Reye’s Syndrome can strike anyone, including both genders and any race. No one is immune, though it is more common in infants and children.
Research has proven that 95% of those who contacted Reye’s Syndrome after a viral illness had ingested aspirin.
Reye’s Syndrome almost always follows a viral illness of the upper respiratory tract. This includes colds, chickenpox, influenza, bronchitis, and ear infections.
A fever doesn’t necessarily accompany symptoms of Reye’s Syndrome.
Aspirin does not have to be ingested for Reye’s Syndrome to strike.
Reye’s Syndrome can run from a few hours to days in duration.
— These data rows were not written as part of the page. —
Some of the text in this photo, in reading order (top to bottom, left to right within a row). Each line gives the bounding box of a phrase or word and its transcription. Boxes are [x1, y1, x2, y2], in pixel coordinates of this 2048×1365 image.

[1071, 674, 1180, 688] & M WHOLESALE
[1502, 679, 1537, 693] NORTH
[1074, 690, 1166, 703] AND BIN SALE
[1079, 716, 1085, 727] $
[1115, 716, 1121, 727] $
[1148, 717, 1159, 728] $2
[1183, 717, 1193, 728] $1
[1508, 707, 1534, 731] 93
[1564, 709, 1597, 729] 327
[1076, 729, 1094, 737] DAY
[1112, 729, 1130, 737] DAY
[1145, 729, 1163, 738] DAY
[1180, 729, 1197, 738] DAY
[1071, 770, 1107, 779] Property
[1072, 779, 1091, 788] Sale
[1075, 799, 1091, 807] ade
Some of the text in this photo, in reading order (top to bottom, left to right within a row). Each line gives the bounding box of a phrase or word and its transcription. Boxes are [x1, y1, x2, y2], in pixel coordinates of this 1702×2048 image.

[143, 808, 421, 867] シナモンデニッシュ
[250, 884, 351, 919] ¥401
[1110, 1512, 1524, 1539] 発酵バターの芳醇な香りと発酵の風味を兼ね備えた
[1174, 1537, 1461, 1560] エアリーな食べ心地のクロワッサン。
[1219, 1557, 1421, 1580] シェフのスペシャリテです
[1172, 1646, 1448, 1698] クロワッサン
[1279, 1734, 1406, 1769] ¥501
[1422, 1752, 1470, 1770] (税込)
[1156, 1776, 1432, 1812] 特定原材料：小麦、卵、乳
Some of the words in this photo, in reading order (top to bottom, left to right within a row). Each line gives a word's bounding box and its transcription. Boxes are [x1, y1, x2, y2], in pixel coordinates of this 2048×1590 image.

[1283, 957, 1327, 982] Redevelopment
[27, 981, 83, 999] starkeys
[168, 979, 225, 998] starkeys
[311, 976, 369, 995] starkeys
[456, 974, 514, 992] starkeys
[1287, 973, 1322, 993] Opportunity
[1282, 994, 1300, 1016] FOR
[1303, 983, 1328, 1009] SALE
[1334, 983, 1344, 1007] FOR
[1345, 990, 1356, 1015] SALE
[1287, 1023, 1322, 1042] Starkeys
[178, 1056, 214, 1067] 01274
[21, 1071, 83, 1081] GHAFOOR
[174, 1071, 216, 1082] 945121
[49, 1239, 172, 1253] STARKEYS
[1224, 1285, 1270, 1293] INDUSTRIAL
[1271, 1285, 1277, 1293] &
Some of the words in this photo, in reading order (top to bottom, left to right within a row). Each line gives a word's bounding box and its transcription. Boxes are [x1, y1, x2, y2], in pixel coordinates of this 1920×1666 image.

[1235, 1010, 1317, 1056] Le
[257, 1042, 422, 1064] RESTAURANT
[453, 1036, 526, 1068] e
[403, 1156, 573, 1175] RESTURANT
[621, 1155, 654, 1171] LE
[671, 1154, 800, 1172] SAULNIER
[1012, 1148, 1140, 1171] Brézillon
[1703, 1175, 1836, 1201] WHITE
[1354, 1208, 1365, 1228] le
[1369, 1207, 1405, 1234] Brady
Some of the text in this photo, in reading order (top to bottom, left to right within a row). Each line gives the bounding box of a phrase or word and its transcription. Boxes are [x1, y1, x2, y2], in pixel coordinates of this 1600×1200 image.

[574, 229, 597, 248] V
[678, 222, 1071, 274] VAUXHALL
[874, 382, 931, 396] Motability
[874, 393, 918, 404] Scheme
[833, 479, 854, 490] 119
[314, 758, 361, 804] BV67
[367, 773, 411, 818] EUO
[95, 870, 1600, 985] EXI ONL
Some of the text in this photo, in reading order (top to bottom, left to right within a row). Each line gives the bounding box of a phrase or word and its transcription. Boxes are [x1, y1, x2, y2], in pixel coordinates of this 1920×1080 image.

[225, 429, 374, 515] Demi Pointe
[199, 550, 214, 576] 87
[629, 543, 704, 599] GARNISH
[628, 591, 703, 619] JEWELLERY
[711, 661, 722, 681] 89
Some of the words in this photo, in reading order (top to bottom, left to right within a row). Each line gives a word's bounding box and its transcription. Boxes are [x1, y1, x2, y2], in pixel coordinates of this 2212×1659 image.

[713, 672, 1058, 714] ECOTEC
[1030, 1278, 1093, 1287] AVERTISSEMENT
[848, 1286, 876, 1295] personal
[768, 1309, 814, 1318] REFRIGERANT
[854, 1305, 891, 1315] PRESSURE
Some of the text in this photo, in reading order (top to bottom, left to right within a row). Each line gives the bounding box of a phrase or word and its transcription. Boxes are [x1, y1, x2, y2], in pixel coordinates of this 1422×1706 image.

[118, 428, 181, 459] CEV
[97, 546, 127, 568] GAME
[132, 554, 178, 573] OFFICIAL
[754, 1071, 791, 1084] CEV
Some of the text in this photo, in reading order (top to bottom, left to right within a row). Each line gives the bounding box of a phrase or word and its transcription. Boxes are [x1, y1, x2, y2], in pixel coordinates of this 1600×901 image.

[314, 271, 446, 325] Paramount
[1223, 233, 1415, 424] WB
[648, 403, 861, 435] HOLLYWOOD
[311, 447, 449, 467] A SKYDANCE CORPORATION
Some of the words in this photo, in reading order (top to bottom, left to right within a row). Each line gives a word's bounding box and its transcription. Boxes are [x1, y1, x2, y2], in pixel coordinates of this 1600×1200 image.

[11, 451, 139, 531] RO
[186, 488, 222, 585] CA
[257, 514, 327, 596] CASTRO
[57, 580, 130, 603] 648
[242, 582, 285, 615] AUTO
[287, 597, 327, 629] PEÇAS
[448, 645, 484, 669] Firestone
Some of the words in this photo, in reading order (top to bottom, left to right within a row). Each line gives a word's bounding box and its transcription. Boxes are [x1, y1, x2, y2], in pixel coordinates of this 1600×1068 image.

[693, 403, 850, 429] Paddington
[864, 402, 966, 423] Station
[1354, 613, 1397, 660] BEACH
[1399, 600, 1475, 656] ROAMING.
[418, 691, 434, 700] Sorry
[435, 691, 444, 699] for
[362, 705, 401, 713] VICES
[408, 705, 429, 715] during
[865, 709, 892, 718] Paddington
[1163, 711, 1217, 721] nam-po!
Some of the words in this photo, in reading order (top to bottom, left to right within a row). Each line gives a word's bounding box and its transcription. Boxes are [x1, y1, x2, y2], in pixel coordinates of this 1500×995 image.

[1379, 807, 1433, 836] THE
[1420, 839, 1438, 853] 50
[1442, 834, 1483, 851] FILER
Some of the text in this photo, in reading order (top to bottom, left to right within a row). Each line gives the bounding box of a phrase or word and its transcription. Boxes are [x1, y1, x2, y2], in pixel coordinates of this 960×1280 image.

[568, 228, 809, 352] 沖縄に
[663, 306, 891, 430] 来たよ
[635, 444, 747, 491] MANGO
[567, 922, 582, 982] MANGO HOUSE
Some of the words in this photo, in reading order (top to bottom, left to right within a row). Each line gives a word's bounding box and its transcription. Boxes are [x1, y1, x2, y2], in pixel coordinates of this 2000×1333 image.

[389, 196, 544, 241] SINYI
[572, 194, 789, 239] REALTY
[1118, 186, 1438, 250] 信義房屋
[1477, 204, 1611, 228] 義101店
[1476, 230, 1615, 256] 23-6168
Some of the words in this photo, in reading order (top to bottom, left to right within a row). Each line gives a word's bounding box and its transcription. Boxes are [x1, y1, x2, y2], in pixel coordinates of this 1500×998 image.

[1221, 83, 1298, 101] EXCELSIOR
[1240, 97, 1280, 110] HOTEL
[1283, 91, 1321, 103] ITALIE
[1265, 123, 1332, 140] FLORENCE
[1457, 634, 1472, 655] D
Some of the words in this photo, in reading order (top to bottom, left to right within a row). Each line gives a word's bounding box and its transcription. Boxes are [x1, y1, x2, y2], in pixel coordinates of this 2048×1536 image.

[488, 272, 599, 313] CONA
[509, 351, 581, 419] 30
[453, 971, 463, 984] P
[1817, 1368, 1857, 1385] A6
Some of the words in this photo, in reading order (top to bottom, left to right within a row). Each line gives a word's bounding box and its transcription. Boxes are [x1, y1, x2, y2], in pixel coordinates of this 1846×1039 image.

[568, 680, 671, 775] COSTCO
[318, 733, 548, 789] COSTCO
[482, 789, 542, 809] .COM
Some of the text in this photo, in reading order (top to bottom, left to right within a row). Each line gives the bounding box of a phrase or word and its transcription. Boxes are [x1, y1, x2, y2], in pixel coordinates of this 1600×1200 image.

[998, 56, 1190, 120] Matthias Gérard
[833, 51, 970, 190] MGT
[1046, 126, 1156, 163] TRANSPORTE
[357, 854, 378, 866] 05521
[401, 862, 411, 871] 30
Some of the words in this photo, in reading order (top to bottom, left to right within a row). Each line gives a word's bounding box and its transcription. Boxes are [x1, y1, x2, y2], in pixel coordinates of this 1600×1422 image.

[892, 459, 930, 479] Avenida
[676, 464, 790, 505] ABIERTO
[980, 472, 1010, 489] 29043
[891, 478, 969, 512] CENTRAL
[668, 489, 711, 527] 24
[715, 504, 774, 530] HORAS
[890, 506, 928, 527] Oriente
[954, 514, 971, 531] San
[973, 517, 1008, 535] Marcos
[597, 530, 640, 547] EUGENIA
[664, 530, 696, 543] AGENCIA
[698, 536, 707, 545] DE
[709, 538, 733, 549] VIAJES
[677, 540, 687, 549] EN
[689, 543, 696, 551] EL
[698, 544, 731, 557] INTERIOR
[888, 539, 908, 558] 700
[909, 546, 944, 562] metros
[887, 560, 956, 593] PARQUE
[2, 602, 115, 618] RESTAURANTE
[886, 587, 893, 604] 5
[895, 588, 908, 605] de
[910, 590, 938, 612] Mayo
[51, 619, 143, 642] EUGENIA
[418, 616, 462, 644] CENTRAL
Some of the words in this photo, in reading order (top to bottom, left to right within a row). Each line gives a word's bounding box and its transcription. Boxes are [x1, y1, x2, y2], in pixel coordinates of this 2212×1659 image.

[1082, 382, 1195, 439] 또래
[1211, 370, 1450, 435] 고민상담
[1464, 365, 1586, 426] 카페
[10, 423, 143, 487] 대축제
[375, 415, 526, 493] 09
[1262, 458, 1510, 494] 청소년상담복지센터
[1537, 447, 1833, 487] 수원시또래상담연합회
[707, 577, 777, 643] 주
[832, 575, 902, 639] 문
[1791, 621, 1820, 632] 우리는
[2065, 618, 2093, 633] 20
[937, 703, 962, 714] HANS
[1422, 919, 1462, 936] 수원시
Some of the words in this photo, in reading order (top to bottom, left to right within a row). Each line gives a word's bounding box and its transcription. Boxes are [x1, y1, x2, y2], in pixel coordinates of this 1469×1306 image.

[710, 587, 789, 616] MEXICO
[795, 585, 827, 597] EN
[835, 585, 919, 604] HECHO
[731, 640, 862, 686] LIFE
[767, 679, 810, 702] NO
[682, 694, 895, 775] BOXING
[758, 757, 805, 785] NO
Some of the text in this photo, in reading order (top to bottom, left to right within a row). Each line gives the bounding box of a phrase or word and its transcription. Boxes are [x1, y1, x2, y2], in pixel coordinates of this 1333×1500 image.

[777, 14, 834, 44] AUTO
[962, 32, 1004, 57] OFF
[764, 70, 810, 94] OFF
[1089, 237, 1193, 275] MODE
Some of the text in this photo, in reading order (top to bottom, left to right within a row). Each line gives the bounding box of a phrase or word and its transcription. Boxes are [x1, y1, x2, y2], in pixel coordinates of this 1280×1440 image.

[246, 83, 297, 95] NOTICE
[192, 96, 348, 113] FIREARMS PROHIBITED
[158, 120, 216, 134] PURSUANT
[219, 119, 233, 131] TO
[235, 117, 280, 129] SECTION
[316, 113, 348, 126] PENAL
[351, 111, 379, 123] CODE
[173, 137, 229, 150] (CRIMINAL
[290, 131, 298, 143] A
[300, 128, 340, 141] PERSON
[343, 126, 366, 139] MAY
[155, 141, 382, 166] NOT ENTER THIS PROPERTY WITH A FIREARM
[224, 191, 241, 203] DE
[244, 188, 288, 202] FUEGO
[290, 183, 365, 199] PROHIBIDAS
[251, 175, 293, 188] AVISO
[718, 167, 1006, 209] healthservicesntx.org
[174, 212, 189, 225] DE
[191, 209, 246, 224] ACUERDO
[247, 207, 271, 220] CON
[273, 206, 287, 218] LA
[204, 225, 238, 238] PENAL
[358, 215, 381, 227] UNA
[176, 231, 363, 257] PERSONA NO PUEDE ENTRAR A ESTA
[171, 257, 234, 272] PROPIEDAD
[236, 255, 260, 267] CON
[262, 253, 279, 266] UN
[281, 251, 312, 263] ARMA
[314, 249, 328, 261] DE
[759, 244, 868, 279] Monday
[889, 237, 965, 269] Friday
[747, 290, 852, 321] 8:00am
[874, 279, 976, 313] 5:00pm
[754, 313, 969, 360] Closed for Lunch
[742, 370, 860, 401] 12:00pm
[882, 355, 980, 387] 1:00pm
Sufferers of Reye’s Syndrome must be diagnosed and treated immediately to ensure the disease isn’t fatal.
Treatment
Reye’s Syndrome is a rapidly progressive disease and treatment varies. Time is of the essence when someone contacts this debilitating disease. There is no cure for Reye’s Syndrome and for it to be successfully managed, early diagnoses is imperative. Treatment is given to protect the brain against permanent damage by reducing the swelling that occurs with Reye’s.
Severe Reye’s Syndrome
Anyone suffering from a severe case of Reye’s Syndrome must seek the services of an intensive care unit and doctors and nurses that have experience in treating the disease. Children suffering from Reye’s should be admitted to a hospital that specializes in children’s disease. Others should be treated at a teaching hospital. If this isn’t possible, the local hospital should immediately consult with health care professionals at either a children’s or teaching hospital in order to ensure proper treatment.
Reye’s and Mortality
Reye’s Syndrome was discovered in 1963. At that time, the morality rate was 80%. Ten years later, it had been reduced to 40% and by 1983 it was down to 31%. In 1996 the mortality rate increased to 50%, probably because of misdiagnosis.